Podatki i obraz Boży w człowieku (Mt 22, 15 - 21)

echoewangelii_banknot

Michel Quoist - Modlitwa przed banknotem piniężnym
Panie, spójrz na ten banknot - ja się go boję.
Ty znasz jego tajemnicę, znasz jego dzieje.

 

Pociąga mnie, a jednocześnie budzi we mnie lęk, bo ma zmarłych na sumieniu,
wszystkich biedaków, którzy dla niego zamęczyli się pracą....
Żeby go tylko mieć, żeby go mieć choć kilka godzin...
Żeby za niego zdobyć trochę przyjemności, radości, życia...
Przez ile palców przeszedł Panie?
I czego dokonał w swych długich, milczących podróżach?
Ofiarował białe róże promiennej narzeczonej,
Nim opłacono słodycze na chrzciny,
To on żywi różowego bobasa,
On położył chleb na stole rodziny,
Pozwolił młodym na śmiech, starszym na radość,
Opłacił wizytę u lekarza wybawcy,
Dał książkę, z której uczy się dzieciak.


To on oblókł w habit dziewicę.
To on wysłał list oznajmujący zerwanie,
To on opłacił usunięcie maleństwa z łona matki,
To on rozdał alkohol i rozpił człowieka,
To on wyświetlił dzieciom zakazany film i nagrał wstrętna płytę,
To on usidlił młodego chłopca, a z dorosłego zrobił złodzieja,
To on na kilka godzin kupił ciało kobiety,
To on opłacił morderczą broń i deski na trumnę.

O Panie ofiaruję ci ten banknot
w jego tajemnicach radosnych,
w jego tajemnicach bolesnych.
Dziękuje ci za życie i za radość, jakie on dał.
Przepraszam cię za zło, które wyrządził.
Ale nade wszystko, Panie, ofiaruje go Tobie za całą pracę ludzką,

za cały człowieczy trud, którego jest symbolem.

Niewiele rzeczy na świecie rozpala tyle namiętności co pieniądze. Zarówno ich zdobywanie, posiadanie jak i wydawanie rodzi problemy z którymi wielu sobie nie radzi. Jak zdobywać, jak posiadać i jak wydawać, by nie zniewolić siebie i innych? Jak ocalić w sobie niewinność wobec pieniędzy?

Pieniądze można zdobyć na kilka sposobów: uczciwą pracą, niewolnictwem, wyzyskiem (lichwą), hazardem, kradzieżą lub drogą dziedziczenia.
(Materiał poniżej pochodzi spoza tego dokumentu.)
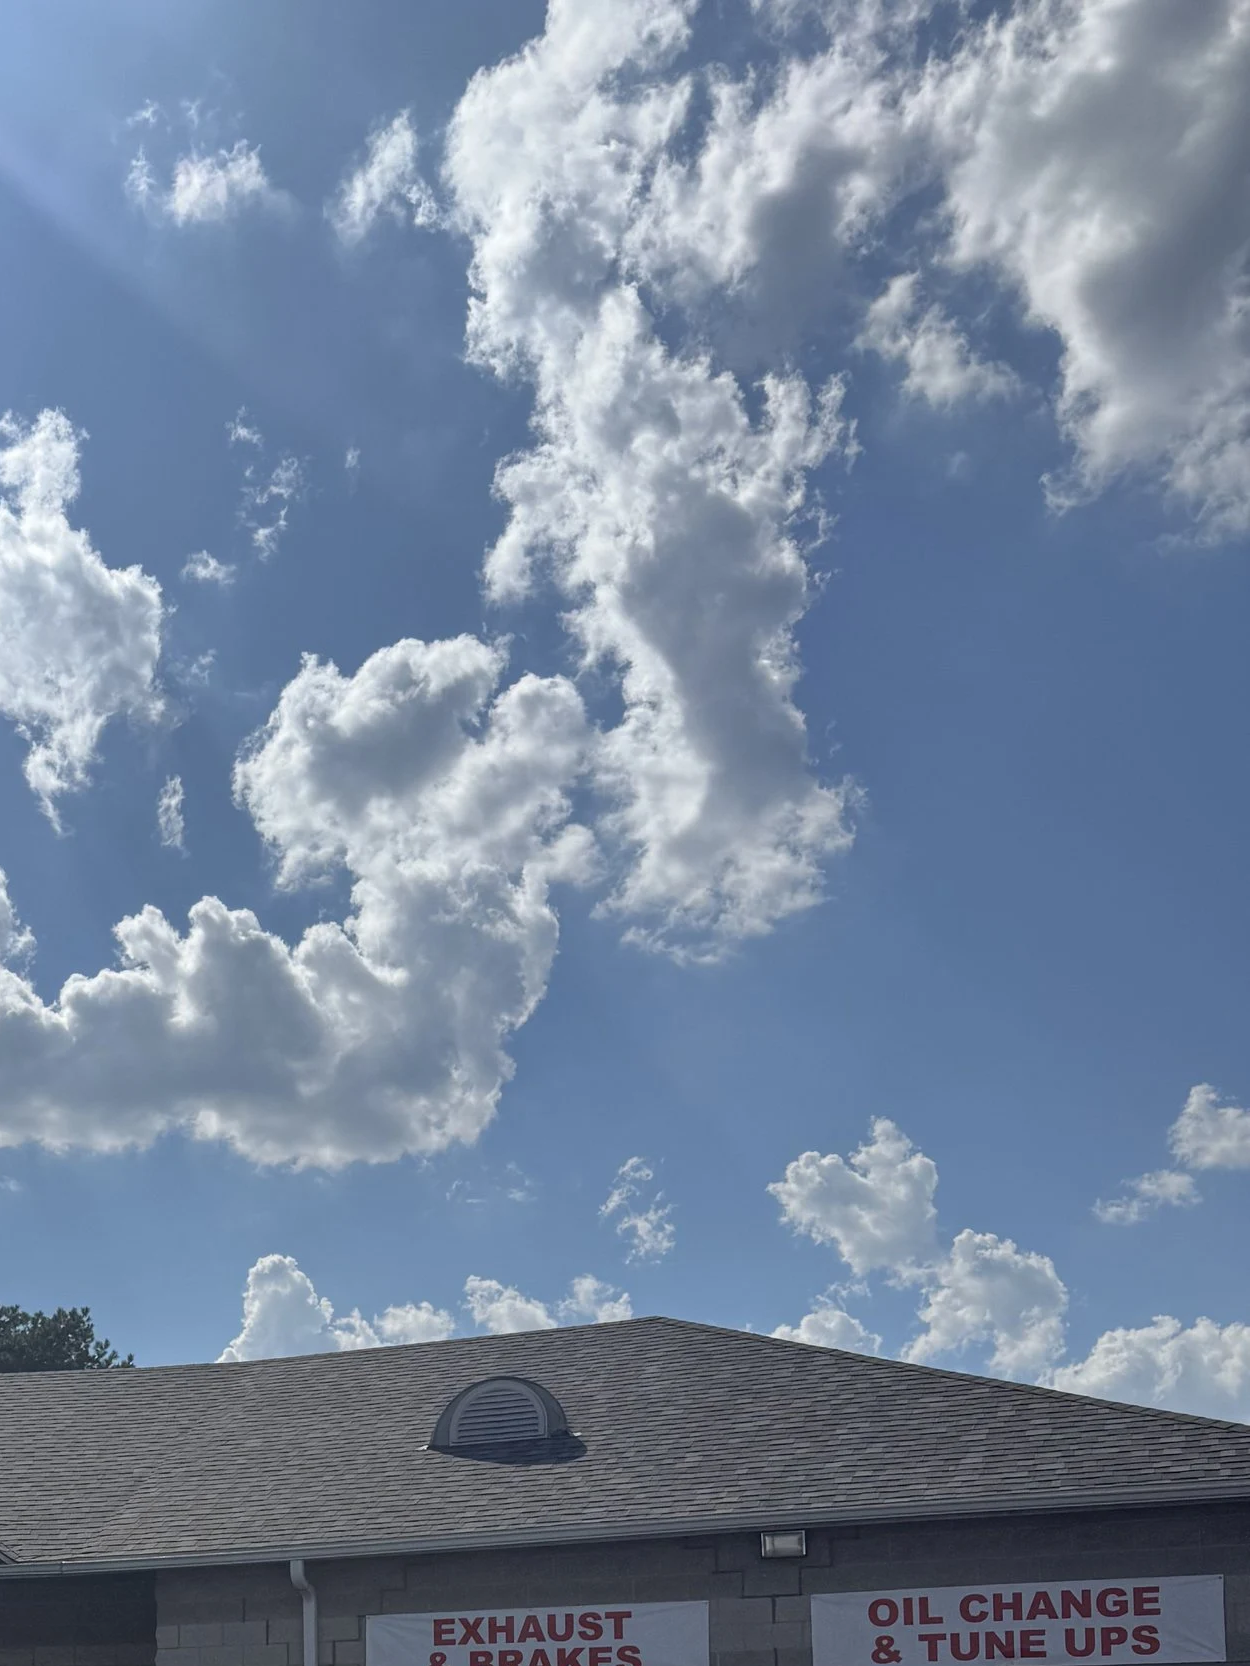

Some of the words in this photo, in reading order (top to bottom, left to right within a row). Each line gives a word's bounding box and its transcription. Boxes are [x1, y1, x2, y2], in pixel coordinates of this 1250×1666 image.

Za każdym razem ten sam nominał ma inną wartość. Zapewne każdy z nas dokładnie wie ile ma pieniędzy, ale czy tak samo dokładnie pamięta, na jakiej drodze do nich doszedł i czy to, co ma, bez poczucia winy, może nazwać swoim? Niedawno słuchałem jak dzieci jednego z najbogatszych ludzi na świecie - R. Mardocha – mówiły, że byłoby czymś niemoralnym i demoralizującym dziedziczyć ogromną fortunę, tylko dlatego, że jest dzieckiem milionera. Każde z nich zostało wychowane tak, by samemu zarabiać na swoje życie. Jednak większość rodziców niszczy swoje dzieci zgromadzonym przez siebie majątkiem i niczym nieskrępowaną konsumpcją. Większość rodzin pozwala, by pieniądz zdominował wszystko i stał się jedynym kryterium wartościującym.
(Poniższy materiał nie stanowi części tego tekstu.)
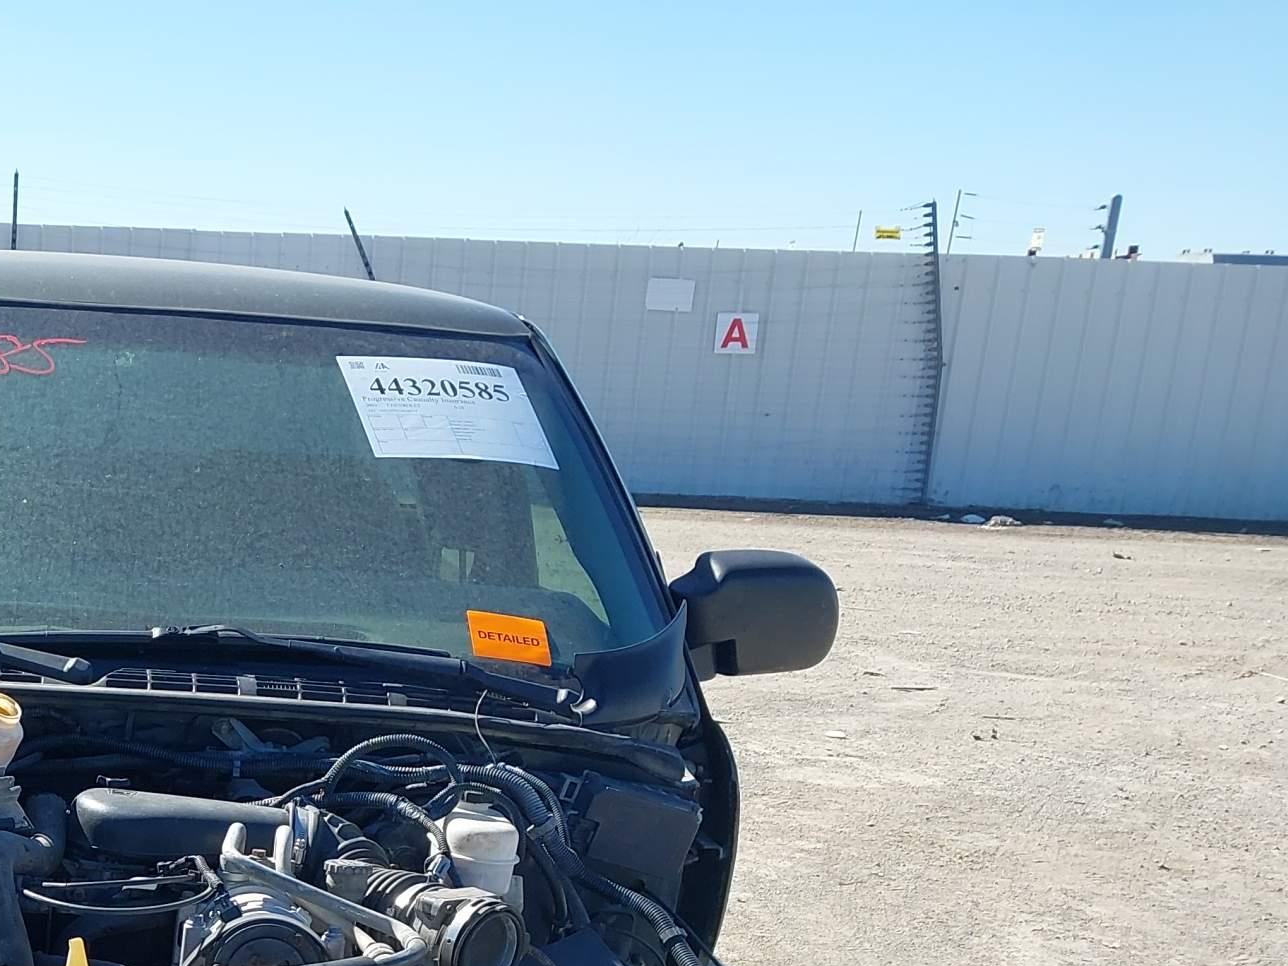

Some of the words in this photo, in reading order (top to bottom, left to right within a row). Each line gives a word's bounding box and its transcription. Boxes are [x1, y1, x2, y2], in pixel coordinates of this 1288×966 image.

[720, 318, 749, 349] A
[369, 377, 510, 402] 44320585
[477, 630, 540, 647] DETAILED
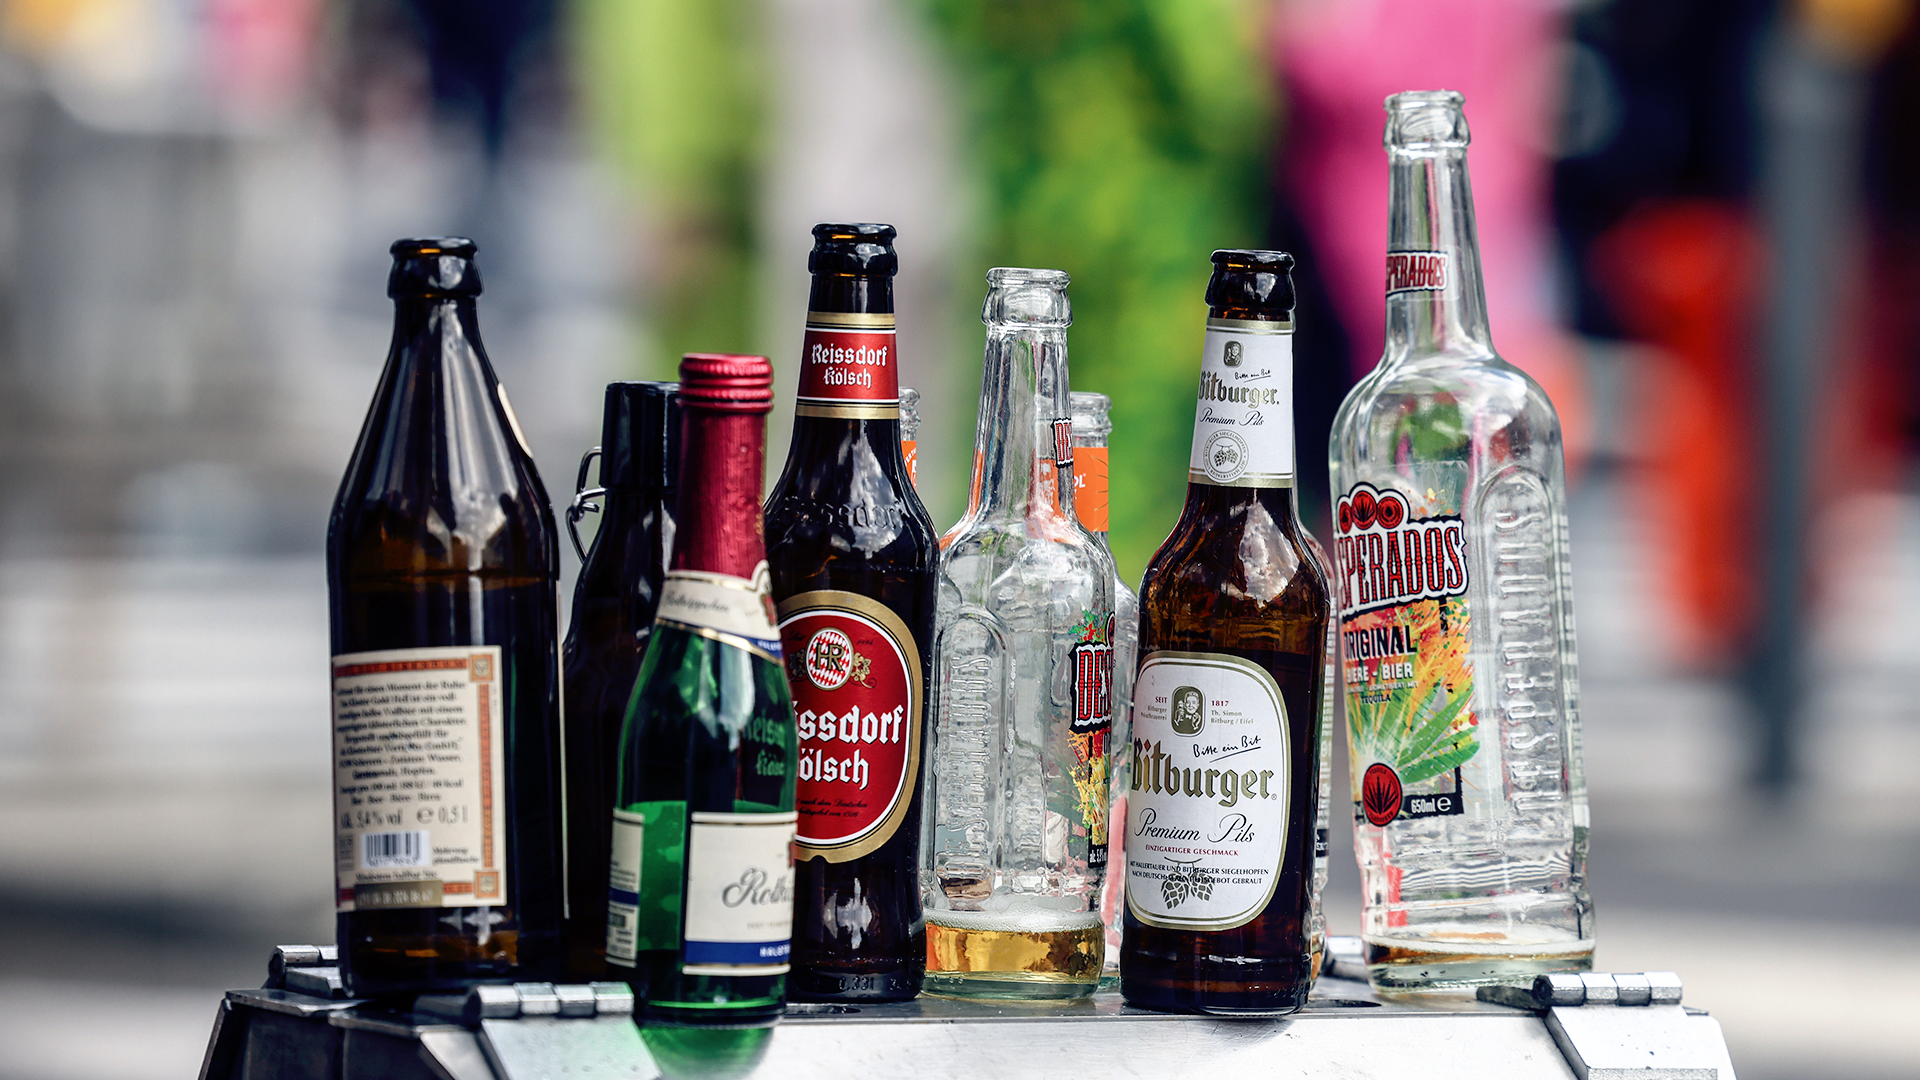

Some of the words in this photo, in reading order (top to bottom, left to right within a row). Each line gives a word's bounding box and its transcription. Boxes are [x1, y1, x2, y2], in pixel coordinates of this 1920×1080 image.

[811, 343, 888, 367] Reissdorf
[823, 366, 872, 389] Kölsch
[1198, 370, 1279, 409] Bitburger
[1199, 406, 1236, 425] Premium
[1239, 410, 1265, 426] Pils
[815, 643, 844, 672] HR
[1382, 662, 1414, 680] BIER
[793, 701, 904, 744] ssdorf
[1210, 717, 1234, 726] Bitburg
[1222, 709, 1243, 717] Simon
[1193, 743, 1218, 758] Bitte
[1222, 744, 1239, 752] ein
[1241, 735, 1262, 748] Bit
[796, 748, 869, 790] ölsch
[1131, 737, 1275, 808] Bitburger
[1411, 798, 1436, 814] 650ml
[1134, 807, 1201, 841] Premium
[1207, 813, 1255, 843] Pils
[1145, 844, 1191, 854] EINZIGARTIGER
[1193, 848, 1239, 856] GESCHMACK
[1232, 877, 1262, 885] GEBRAUT
Dzisiejsza polemika faryzeuszy z Jezusem dotyczy znienawidzonych przez wszystkich podatków. Można jeszcze zrozumieć podatki dla państwa opiekuńczego, którego można czuć się pełnoprawnym obywatelem, ale podatki dla imperium, które niewoli i siłą zaprowadza swoje porządki, to zupełnie coś innego. Pytanie o podatki w realiach uciemiężonej Palestyny urasta do rangi świadomej prowokacji. Ma zdyskredytować Jezusa.
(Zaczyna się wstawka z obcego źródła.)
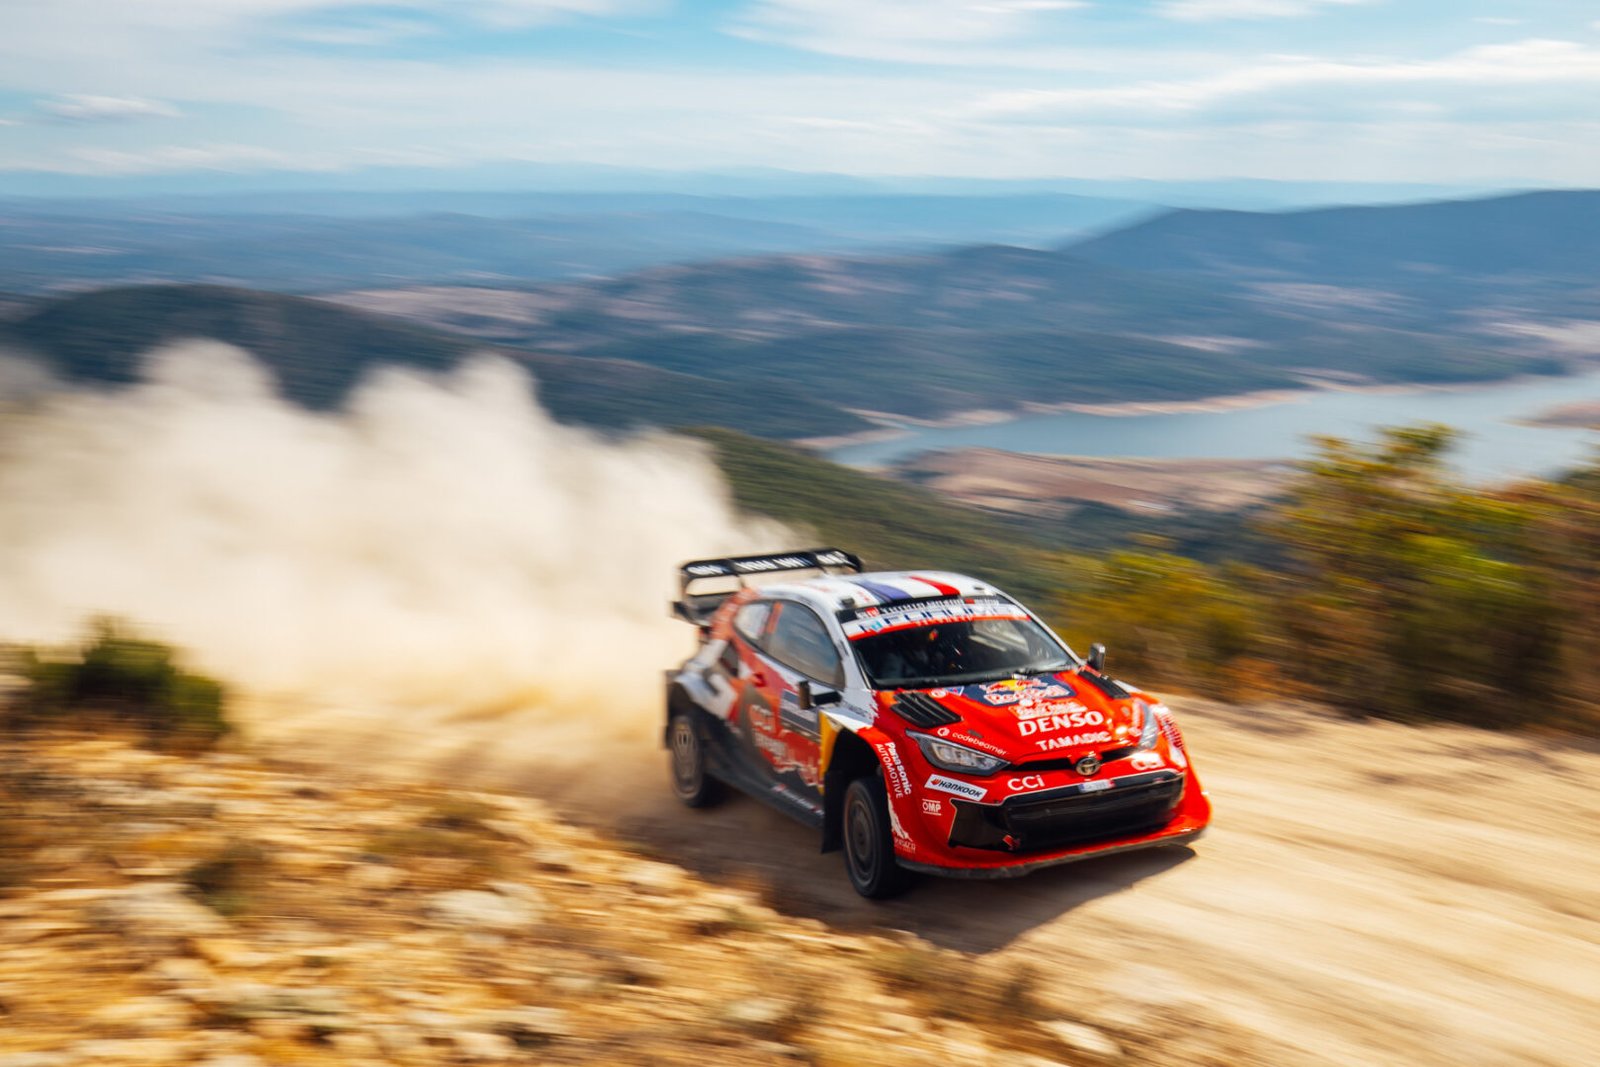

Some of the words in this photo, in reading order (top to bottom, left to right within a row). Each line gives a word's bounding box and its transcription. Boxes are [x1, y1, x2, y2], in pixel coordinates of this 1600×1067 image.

[1017, 711, 1104, 736] DENSO
[952, 732, 1007, 756] codebeamer
[1035, 731, 1112, 751] TAMADIC
[874, 743, 904, 799] AUTOMOTIVE
[885, 742, 912, 795] Panasonic
[1007, 775, 1046, 791] CCi
[922, 801, 942, 813] OMP
Św. Jan Chryzostom powiedziałby: „Jak potok, któremu jeśli zamkniesz jedno wyjście, szuka sobie innego, tak zła wola faryzeuszy, choć już ją Pan zawstydził, próbuje jeszcze innego sposobu. Oto szczyt obłudy – chwalić Tego, którego chce się zgubić”. Na to pytanie nie ma dobrej odpowiedzi. Wszystkie są złe! Każda zostanie użyta przeciwko Jezusowi. Jeśli Nauczyciel powie: „płacić”, zostanie okrzyknięty zdrajcą. Jeśli powie: „nie płacić”, zostanie uznany za buntownika. Przez krótką chwilę wydaje się, że Jezus nie poradzi sobie z tą pułapką; że polegnie i nie będzie to pole chwały lecz ślepy zaułek! Znów odwołajmy się do św. Jana Chryzostoma: „Faryzeusze przyszli z pochlebstwem, aby Go zgubić, Jezus czyni im wyrzuty, aby ich zbawić. daleko lepszym jest dla człowieka zagniewany Bóg niż łaskawy człowiek”.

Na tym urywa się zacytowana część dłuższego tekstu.